Since the Furlough Scheme was launched in April of this year, some £35 billion has been paid to 1.2 million employers, thereby enabling around 9.6 million workers to keep their jobs during the worst of the pandemic. However, a recent study by academics at Oxford, Cambridge and Zurich universities found that there has been widespread abuse of the system by UK companies. The study found that, in particular, the prohibition on working whilst furloughed has been “routinely ignored". Nearly two thirds of those furloughed reported working from home and of those, one fifth were explicitly told to do so by their employer.
Mr Harra has been clear that it is not the intention of HMRC to "set out to try and fine employers who have made legitimate mistakes in compiling their claims because this was obviously something new that everyone had to get to grips with in a very difficult time”. The Finance Act 2020, which entered into force on 22 July 2020, creates a 90-day amnesty period for employers to notify HMRC of any overpayments under the Furlough Scheme. Following the expiry of this period, a penalty of up to 100% may be imposed.
Those that have fraudulently abused the Furlough Scheme can expect short shrift. Mr Harra revealed that HMRC are currently investigating 27,000 "high risk" claims and have already received 8,000 calls to their fraud hotline.
HMRC have shown that they are willing to pursue criminal action where appropriate. Earlier this year a man was arrested on suspicion of fraud by false representation, tax evasion and money laundering in connection with claims under the Furlough Scheme. The investigation is on-going and to date, there have been a number of further arrests.

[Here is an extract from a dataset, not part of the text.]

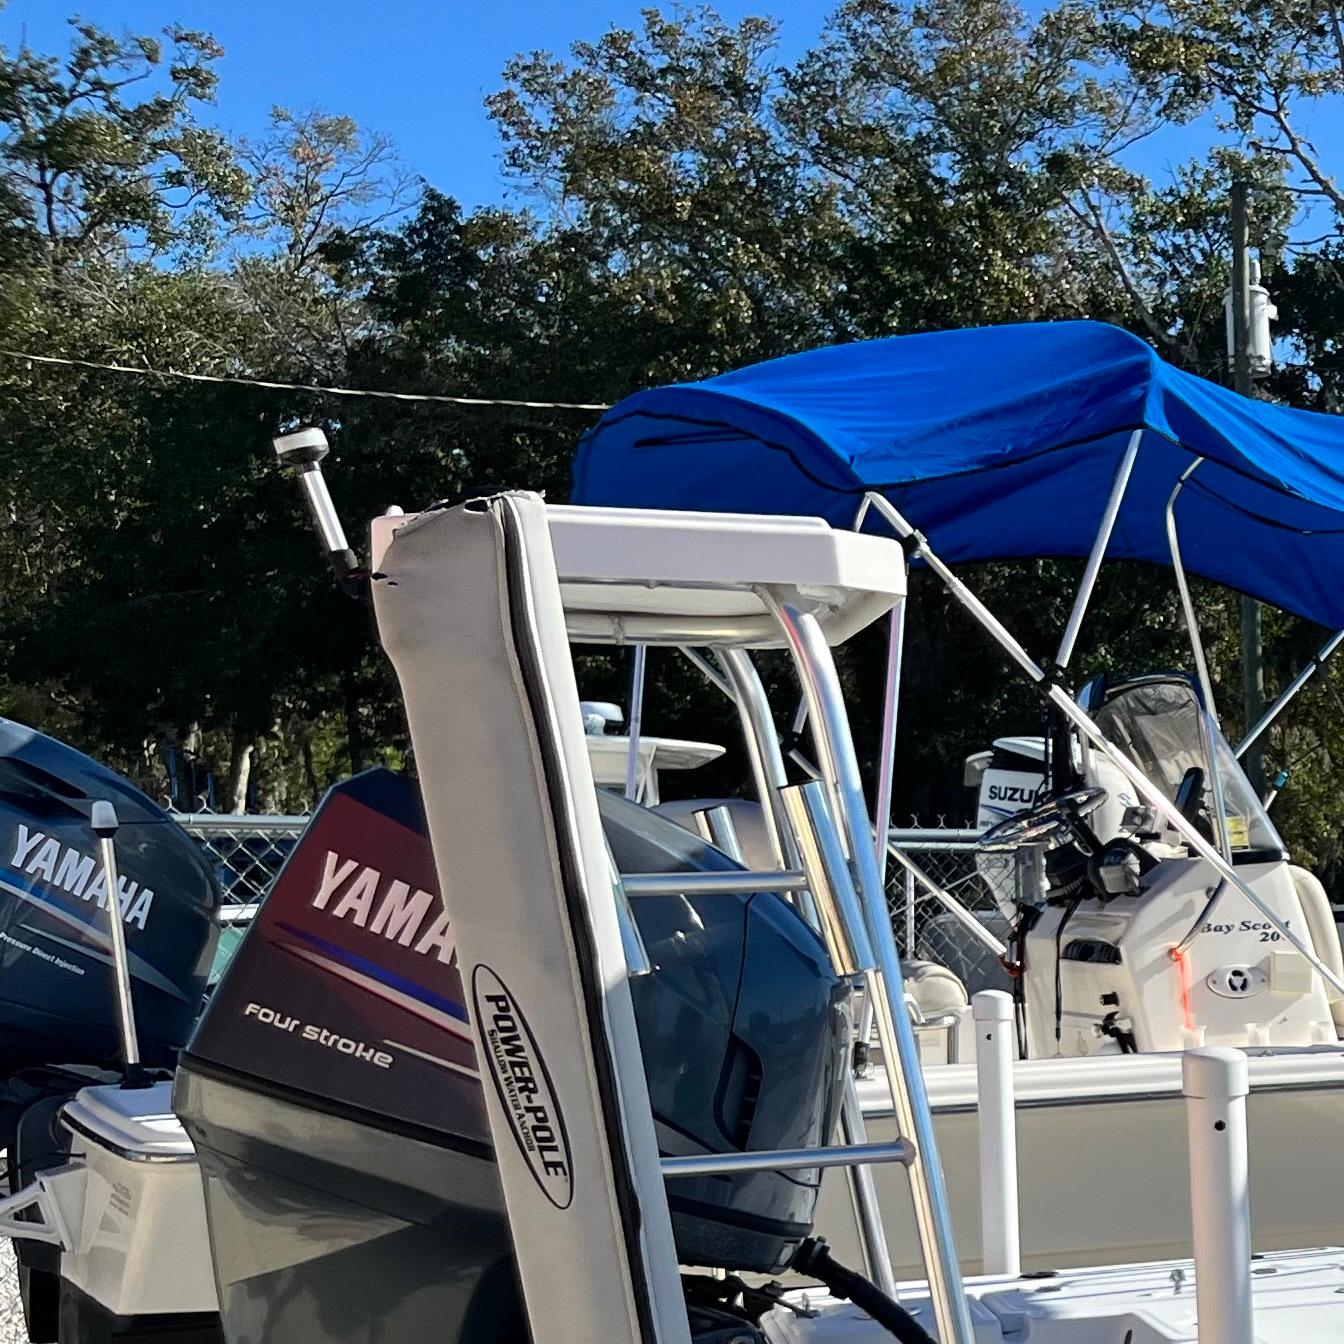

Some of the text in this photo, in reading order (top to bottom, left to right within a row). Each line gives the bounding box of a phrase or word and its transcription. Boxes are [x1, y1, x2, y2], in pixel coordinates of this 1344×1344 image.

[11, 824, 154, 930] YAMAHA
[313, 850, 459, 968] YAMA
[1201, 920, 1291, 935] Bay Scot
[485, 994, 567, 1177] POWER-POLE

Employers should take heed, particularly in light of recent comments by the Director of the Serious Fraud Office, who has signalled an appetite for pursuing those perceived to have taken advantage of the disruption caused by the global pandemic. In a speech broadcasted via YouTube, Ms Osofsky said that the pandemic has clearly created opportunities for criminals, but that "law enforcement are working across Government to assess and respond to the new threat".